◆ **ASSIGNED TASK**
The material must be repeated exactly, with every line intact.

◆ **PROVIDED DATA**
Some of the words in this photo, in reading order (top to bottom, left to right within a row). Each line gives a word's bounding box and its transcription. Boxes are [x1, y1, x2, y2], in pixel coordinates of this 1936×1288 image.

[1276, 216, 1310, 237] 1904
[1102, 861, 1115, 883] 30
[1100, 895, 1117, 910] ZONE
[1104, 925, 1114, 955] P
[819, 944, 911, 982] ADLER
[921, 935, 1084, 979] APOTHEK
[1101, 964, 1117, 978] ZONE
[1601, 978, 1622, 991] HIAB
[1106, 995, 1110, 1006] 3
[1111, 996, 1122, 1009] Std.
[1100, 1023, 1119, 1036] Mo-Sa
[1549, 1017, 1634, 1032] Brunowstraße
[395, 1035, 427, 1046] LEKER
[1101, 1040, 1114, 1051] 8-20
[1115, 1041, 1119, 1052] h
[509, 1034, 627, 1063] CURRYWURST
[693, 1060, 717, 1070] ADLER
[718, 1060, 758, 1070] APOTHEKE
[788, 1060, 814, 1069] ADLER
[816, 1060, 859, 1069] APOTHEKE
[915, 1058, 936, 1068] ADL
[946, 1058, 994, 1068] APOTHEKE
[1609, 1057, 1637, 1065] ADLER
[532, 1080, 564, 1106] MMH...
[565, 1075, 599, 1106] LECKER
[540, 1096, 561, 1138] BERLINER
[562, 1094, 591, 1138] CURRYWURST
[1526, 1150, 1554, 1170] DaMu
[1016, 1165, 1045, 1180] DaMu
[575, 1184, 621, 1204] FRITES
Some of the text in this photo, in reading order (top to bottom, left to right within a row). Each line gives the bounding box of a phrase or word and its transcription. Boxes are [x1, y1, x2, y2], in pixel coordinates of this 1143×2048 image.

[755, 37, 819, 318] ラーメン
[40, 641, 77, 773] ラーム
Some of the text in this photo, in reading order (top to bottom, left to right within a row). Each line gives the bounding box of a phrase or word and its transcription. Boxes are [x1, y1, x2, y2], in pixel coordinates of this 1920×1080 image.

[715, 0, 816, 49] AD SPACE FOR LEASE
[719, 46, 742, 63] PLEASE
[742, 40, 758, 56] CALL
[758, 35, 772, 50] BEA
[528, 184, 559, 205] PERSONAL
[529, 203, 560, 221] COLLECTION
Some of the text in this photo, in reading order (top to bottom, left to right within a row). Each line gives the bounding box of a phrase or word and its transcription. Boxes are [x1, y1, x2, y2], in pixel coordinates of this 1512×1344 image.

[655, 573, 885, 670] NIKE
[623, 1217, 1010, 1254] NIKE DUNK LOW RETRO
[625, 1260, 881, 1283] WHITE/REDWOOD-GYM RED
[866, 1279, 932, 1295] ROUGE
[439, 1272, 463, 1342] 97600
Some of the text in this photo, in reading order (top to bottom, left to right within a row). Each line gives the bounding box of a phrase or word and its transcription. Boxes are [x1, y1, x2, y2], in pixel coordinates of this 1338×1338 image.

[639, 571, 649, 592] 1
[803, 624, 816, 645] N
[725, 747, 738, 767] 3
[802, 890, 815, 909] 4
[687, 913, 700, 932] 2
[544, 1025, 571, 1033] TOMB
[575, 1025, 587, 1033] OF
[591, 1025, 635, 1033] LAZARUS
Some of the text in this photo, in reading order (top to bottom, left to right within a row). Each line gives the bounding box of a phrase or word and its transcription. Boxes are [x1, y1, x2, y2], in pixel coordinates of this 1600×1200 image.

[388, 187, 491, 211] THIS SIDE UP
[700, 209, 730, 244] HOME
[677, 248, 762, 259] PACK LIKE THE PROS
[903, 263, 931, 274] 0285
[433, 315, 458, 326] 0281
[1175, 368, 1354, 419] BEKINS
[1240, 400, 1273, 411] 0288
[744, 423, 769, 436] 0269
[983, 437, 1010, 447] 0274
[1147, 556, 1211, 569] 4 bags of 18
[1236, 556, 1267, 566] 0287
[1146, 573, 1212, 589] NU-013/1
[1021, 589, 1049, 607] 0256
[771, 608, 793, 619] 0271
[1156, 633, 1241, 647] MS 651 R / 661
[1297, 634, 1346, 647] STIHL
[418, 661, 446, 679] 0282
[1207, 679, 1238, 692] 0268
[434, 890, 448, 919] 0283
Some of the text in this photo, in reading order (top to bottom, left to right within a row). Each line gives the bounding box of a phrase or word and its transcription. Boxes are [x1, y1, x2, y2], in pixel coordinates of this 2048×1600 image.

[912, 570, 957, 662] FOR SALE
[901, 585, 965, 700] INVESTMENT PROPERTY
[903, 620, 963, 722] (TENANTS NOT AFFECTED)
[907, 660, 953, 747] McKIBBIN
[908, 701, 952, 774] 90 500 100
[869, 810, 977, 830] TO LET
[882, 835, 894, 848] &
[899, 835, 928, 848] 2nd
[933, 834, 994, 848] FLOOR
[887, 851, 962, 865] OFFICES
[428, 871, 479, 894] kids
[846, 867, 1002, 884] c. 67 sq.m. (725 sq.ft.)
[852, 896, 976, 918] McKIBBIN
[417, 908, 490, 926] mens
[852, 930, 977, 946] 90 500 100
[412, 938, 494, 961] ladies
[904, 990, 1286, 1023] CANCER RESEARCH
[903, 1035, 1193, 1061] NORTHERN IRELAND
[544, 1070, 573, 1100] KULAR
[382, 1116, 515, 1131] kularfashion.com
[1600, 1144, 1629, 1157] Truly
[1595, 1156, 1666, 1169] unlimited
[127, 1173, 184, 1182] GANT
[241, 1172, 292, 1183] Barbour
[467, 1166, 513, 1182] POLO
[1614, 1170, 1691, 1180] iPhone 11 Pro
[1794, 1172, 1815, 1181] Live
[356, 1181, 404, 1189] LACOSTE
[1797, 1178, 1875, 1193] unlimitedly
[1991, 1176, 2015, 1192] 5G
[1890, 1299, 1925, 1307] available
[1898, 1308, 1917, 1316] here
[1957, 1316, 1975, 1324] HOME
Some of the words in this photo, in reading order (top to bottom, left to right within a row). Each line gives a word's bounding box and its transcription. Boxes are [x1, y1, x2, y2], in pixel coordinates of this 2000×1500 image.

◆ **ANSWER BELOW**
Some of the words in this photo, in reading order (top to bottom, left to right within a row). Each line gives a word's bounding box and its transcription. Boxes are [x1, y1, x2, y2], in pixel coordinates of this 1936×1288 image.

[1276, 216, 1310, 237] 1904
[1102, 861, 1115, 883] 30
[1100, 895, 1117, 910] ZONE
[1104, 925, 1114, 955] P
[819, 944, 911, 982] ADLER
[921, 935, 1084, 979] APOTHEK
[1101, 964, 1117, 978] ZONE
[1601, 978, 1622, 991] HIAB
[1106, 995, 1110, 1006] 3
[1111, 996, 1122, 1009] Std.
[1100, 1023, 1119, 1036] Mo-Sa
[1549, 1017, 1634, 1032] Brunowstraße
[395, 1035, 427, 1046] LEKER
[1101, 1040, 1114, 1051] 8-20
[1115, 1041, 1119, 1052] h
[509, 1034, 627, 1063] CURRYWURST
[693, 1060, 717, 1070] ADLER
[718, 1060, 758, 1070] APOTHEKE
[788, 1060, 814, 1069] ADLER
[816, 1060, 859, 1069] APOTHEKE
[915, 1058, 936, 1068] ADL
[946, 1058, 994, 1068] APOTHEKE
[1609, 1057, 1637, 1065] ADLER
[532, 1080, 564, 1106] MMH...
[565, 1075, 599, 1106] LECKER
[540, 1096, 561, 1138] BERLINER
[562, 1094, 591, 1138] CURRYWURST
[1526, 1150, 1554, 1170] DaMu
[1016, 1165, 1045, 1180] DaMu
[575, 1184, 621, 1204] FRITES
Some of the text in this photo, in reading order (top to bottom, left to right within a row). Each line gives the bounding box of a phrase or word and its transcription. Boxes are [x1, y1, x2, y2], in pixel coordinates of this 1143×2048 image.

[755, 37, 819, 318] ラーメン
[40, 641, 77, 773] ラーム
Some of the text in this photo, in reading order (top to bottom, left to right within a row). Each line gives the bounding box of a phrase or word and its transcription. Boxes are [x1, y1, x2, y2], in pixel coordinates of this 1920×1080 image.

[715, 0, 816, 49] AD SPACE FOR LEASE
[719, 46, 742, 63] PLEASE
[742, 40, 758, 56] CALL
[758, 35, 772, 50] BEA
[528, 184, 559, 205] PERSONAL
[529, 203, 560, 221] COLLECTION
Some of the text in this photo, in reading order (top to bottom, left to right within a row). Each line gives the bounding box of a phrase or word and its transcription. Boxes are [x1, y1, x2, y2], in pixel coordinates of this 1512×1344 image.

[655, 573, 885, 670] NIKE
[623, 1217, 1010, 1254] NIKE DUNK LOW RETRO
[625, 1260, 881, 1283] WHITE/REDWOOD-GYM RED
[866, 1279, 932, 1295] ROUGE
[439, 1272, 463, 1342] 97600
Some of the text in this photo, in reading order (top to bottom, left to right within a row). Each line gives the bounding box of a phrase or word and its transcription. Boxes are [x1, y1, x2, y2], in pixel coordinates of this 1338×1338 image.

[639, 571, 649, 592] 1
[803, 624, 816, 645] N
[725, 747, 738, 767] 3
[802, 890, 815, 909] 4
[687, 913, 700, 932] 2
[544, 1025, 571, 1033] TOMB
[575, 1025, 587, 1033] OF
[591, 1025, 635, 1033] LAZARUS
Some of the text in this photo, in reading order (top to bottom, left to right within a row). Each line gives the bounding box of a phrase or word and its transcription. Boxes are [x1, y1, x2, y2], in pixel coordinates of this 1600×1200 image.

[388, 187, 491, 211] THIS SIDE UP
[700, 209, 730, 244] HOME
[677, 248, 762, 259] PACK LIKE THE PROS
[903, 263, 931, 274] 0285
[433, 315, 458, 326] 0281
[1175, 368, 1354, 419] BEKINS
[1240, 400, 1273, 411] 0288
[744, 423, 769, 436] 0269
[983, 437, 1010, 447] 0274
[1147, 556, 1211, 569] 4 bags of 18
[1236, 556, 1267, 566] 0287
[1146, 573, 1212, 589] NU-013/1
[1021, 589, 1049, 607] 0256
[771, 608, 793, 619] 0271
[1156, 633, 1241, 647] MS 651 R / 661
[1297, 634, 1346, 647] STIHL
[418, 661, 446, 679] 0282
[1207, 679, 1238, 692] 0268
[434, 890, 448, 919] 0283
Some of the text in this photo, in reading order (top to bottom, left to right within a row). Each line gives the bounding box of a phrase or word and its transcription. Boxes are [x1, y1, x2, y2], in pixel coordinates of this 2048×1600 image.

[912, 570, 957, 662] FOR SALE
[901, 585, 965, 700] INVESTMENT PROPERTY
[903, 620, 963, 722] (TENANTS NOT AFFECTED)
[907, 660, 953, 747] McKIBBIN
[908, 701, 952, 774] 90 500 100
[869, 810, 977, 830] TO LET
[882, 835, 894, 848] &
[899, 835, 928, 848] 2nd
[933, 834, 994, 848] FLOOR
[887, 851, 962, 865] OFFICES
[428, 871, 479, 894] kids
[846, 867, 1002, 884] c. 67 sq.m. (725 sq.ft.)
[852, 896, 976, 918] McKIBBIN
[417, 908, 490, 926] mens
[852, 930, 977, 946] 90 500 100
[412, 938, 494, 961] ladies
[904, 990, 1286, 1023] CANCER RESEARCH
[903, 1035, 1193, 1061] NORTHERN IRELAND
[544, 1070, 573, 1100] KULAR
[382, 1116, 515, 1131] kularfashion.com
[1600, 1144, 1629, 1157] Truly
[1595, 1156, 1666, 1169] unlimited
[127, 1173, 184, 1182] GANT
[241, 1172, 292, 1183] Barbour
[467, 1166, 513, 1182] POLO
[1614, 1170, 1691, 1180] iPhone 11 Pro
[1794, 1172, 1815, 1181] Live
[356, 1181, 404, 1189] LACOSTE
[1797, 1178, 1875, 1193] unlimitedly
[1991, 1176, 2015, 1192] 5G
[1890, 1299, 1925, 1307] available
[1898, 1308, 1917, 1316] here
[1957, 1316, 1975, 1324] HOME
Some of the words in this photo, in reading order (top to bottom, left to right within a row). Each line gives a word's bounding box and its transcription. Boxes are [x1, y1, x2, y2], in pixel coordinates of this 2000×1500 image.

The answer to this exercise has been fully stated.